Turns out not just anyone can use the phrase “I am,” according to former Black eyed Peas singer, Will.i.am.
Will.i.am has owned the “I AM” trademark since 2001 and uses it for his clothing, jewelry, luggage and other businesses, as well as his charity foundation I AM ANGEL.
So when singer-songwriter Pharrell Williams recently launched his YouTube channel “I Am Other,” Will.i.am was not happy, calling it “confusingly similar.”
Will.i.am subsequently issued a cease and desist informing Pharrell that he owned the rights to the ‘I Am’ element and to stop using the name.
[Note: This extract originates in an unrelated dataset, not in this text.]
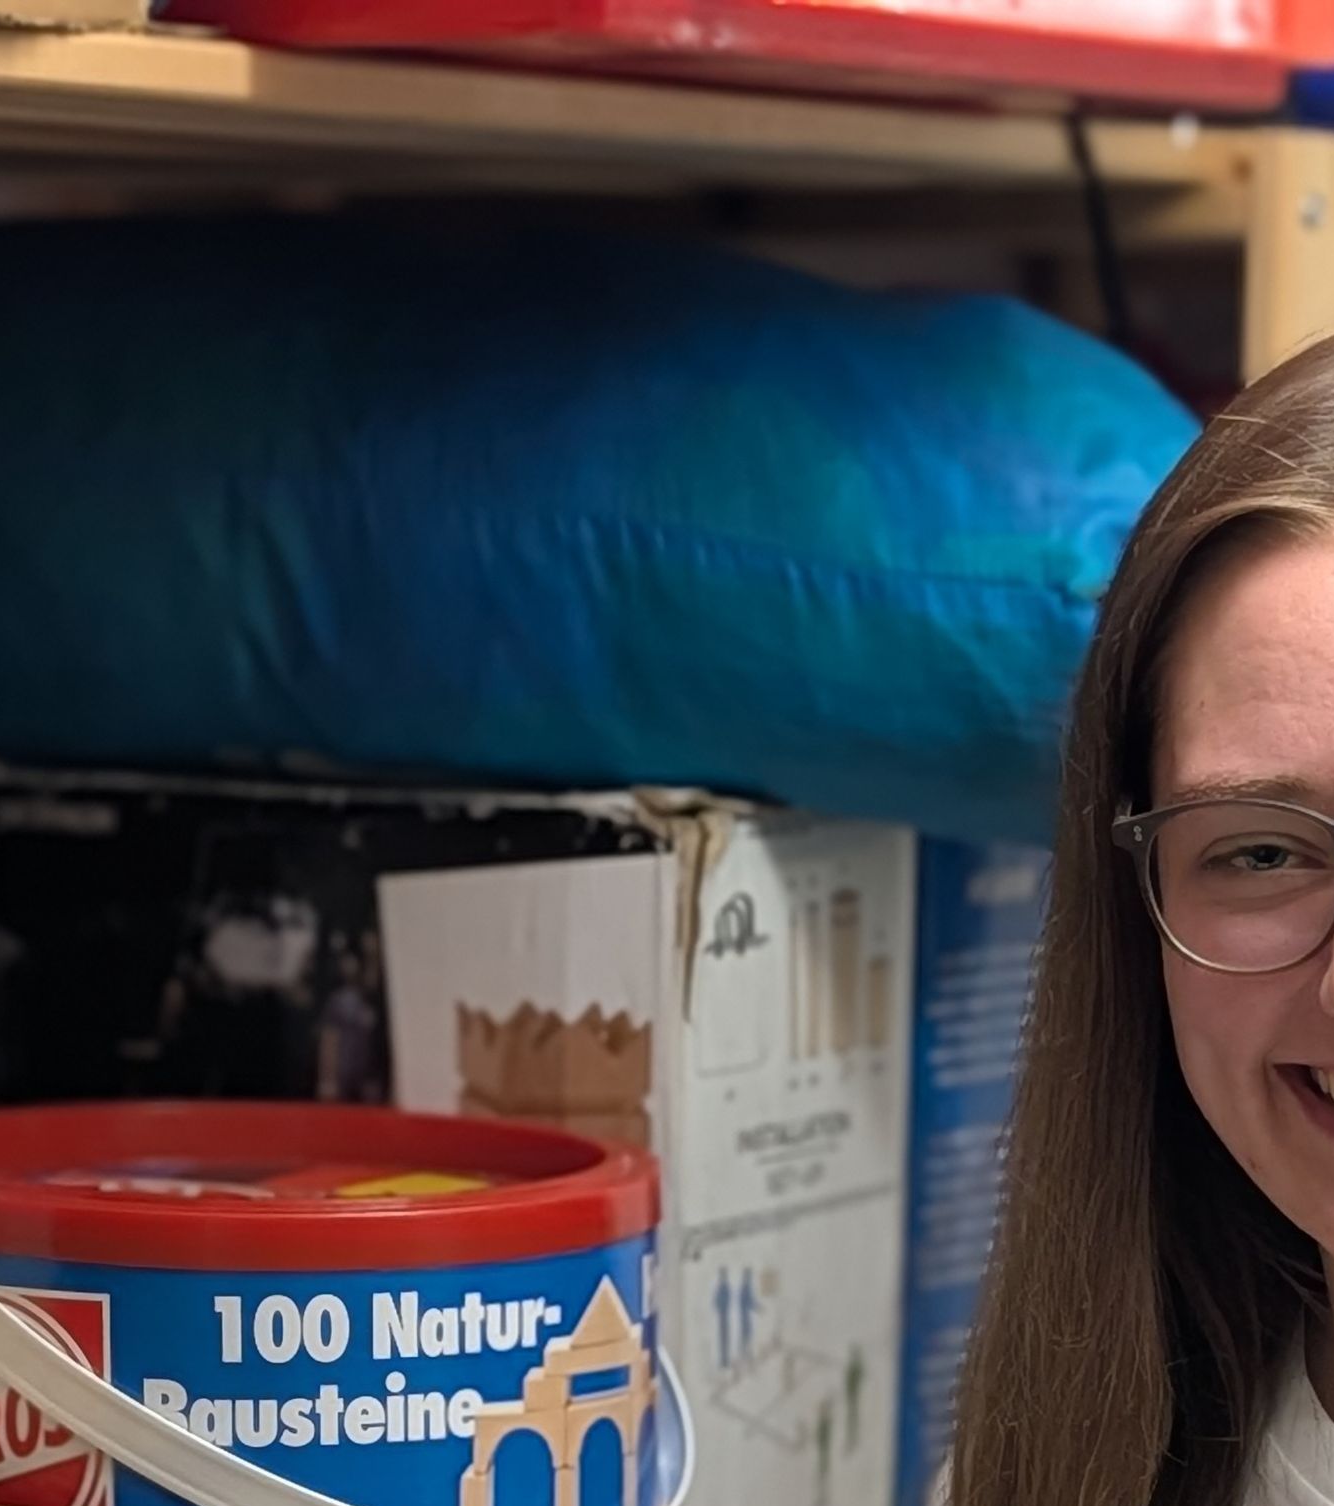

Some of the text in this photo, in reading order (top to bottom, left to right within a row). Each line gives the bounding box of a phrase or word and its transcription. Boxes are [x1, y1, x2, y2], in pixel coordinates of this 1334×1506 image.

[214, 1291, 562, 1363] 100 Natur-
[143, 1371, 484, 1449] Bausteine
Pharrell responded by filing a lawsuit seeking to block Will.i.am’s efforts, according to TMZ, and argues in his lawsuit that each artist was using “I Am” in different ways.
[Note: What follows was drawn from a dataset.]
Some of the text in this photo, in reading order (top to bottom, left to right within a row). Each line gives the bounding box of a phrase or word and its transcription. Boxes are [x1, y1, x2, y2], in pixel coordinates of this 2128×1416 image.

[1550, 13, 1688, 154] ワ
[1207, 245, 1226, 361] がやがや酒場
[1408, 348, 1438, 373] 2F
Pharrell is claiming that Will.i.am has been using the words in a Dr. Seuss-inspired way, like “Sam I am; I am Sam; I am Sam; Sam I am.”
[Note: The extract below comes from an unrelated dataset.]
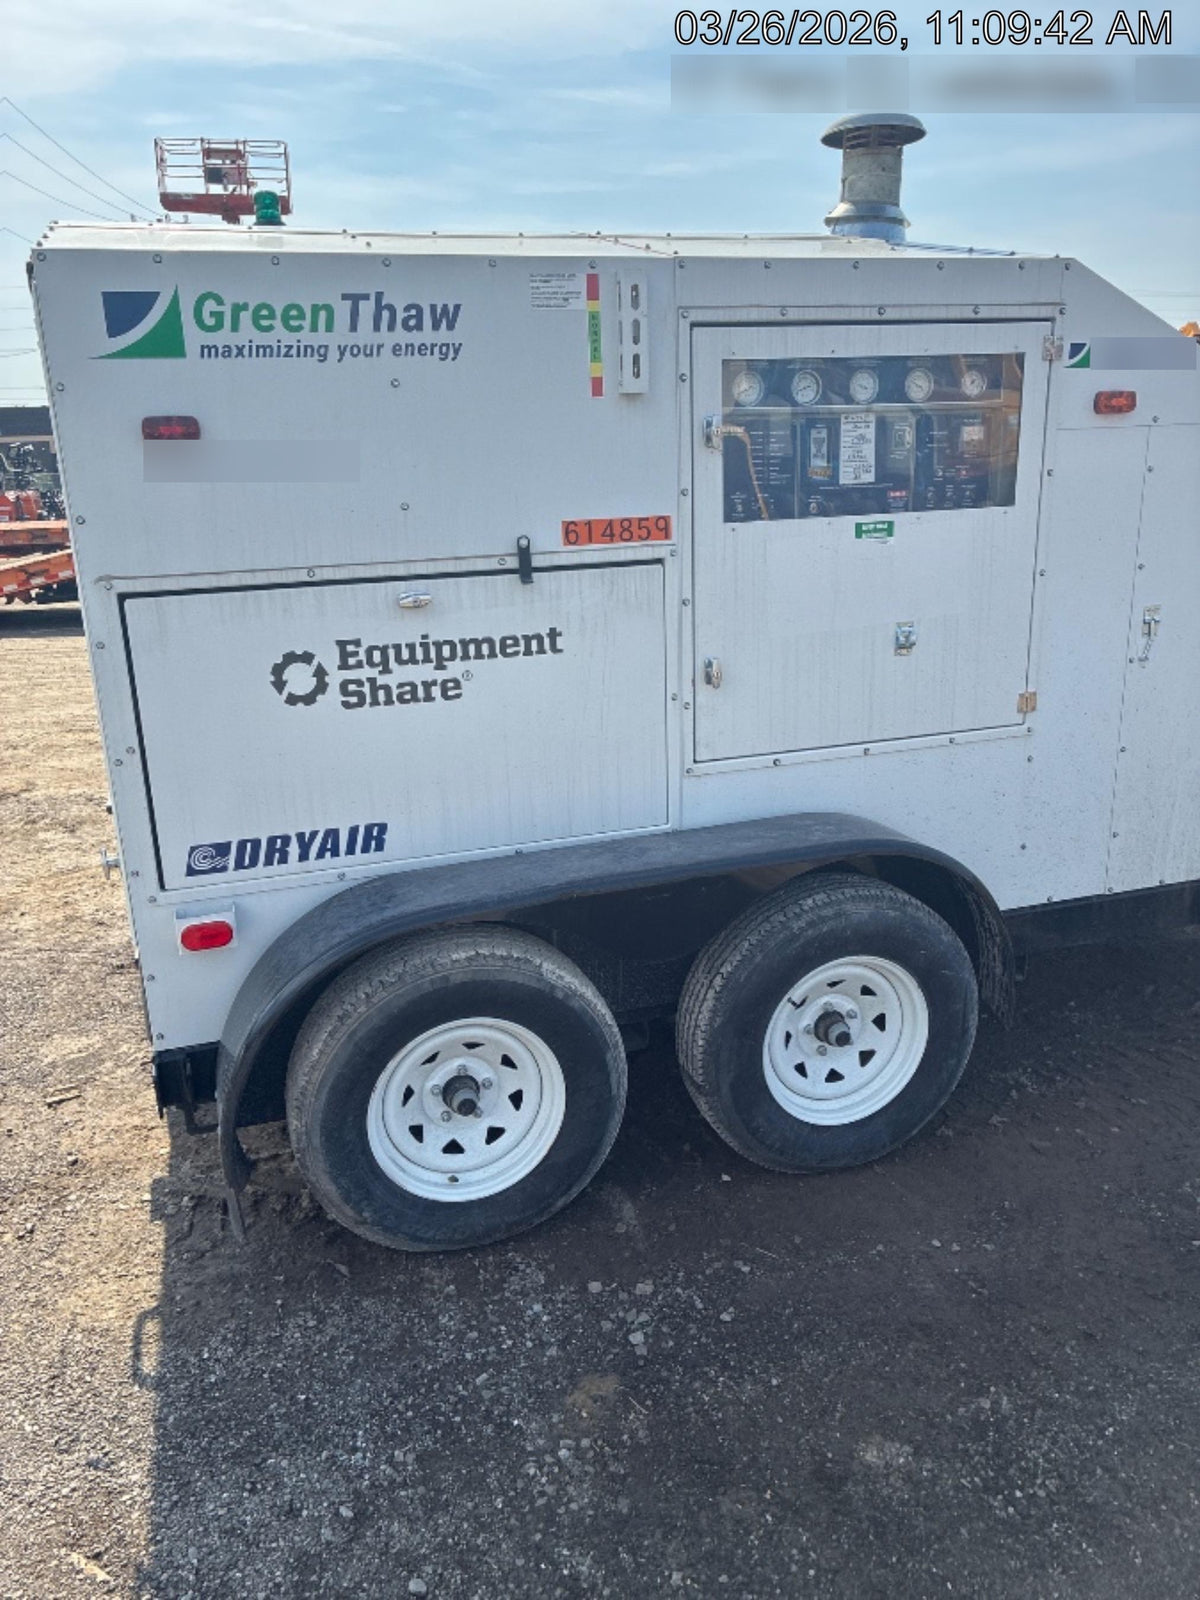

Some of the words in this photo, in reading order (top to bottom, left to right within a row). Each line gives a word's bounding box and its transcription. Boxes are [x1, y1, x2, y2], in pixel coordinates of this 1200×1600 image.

“In contrast, the ‘I Am Other’ mark means ‘I am something else,'” argues Pharrell in his suit, “leaving what that ‘else’ is to the imagination of the consumer. It certainly does not mean ‘I am Will.'”
Pharrell is asking a judge for written permission to continue using the “I Am Other” mark.
“I am disappointed that Will, a fellow artist, would file a case against me,” Pharrell said in a statement to Rolling Stone. “I am someone who likes to talk things out and, in fact, I attempted to do just that on many occasions. I am surprised in how this is being handled and I am confident that Will’s trademark claims will ultimately be found to be as meritless and ridiculous as I do.”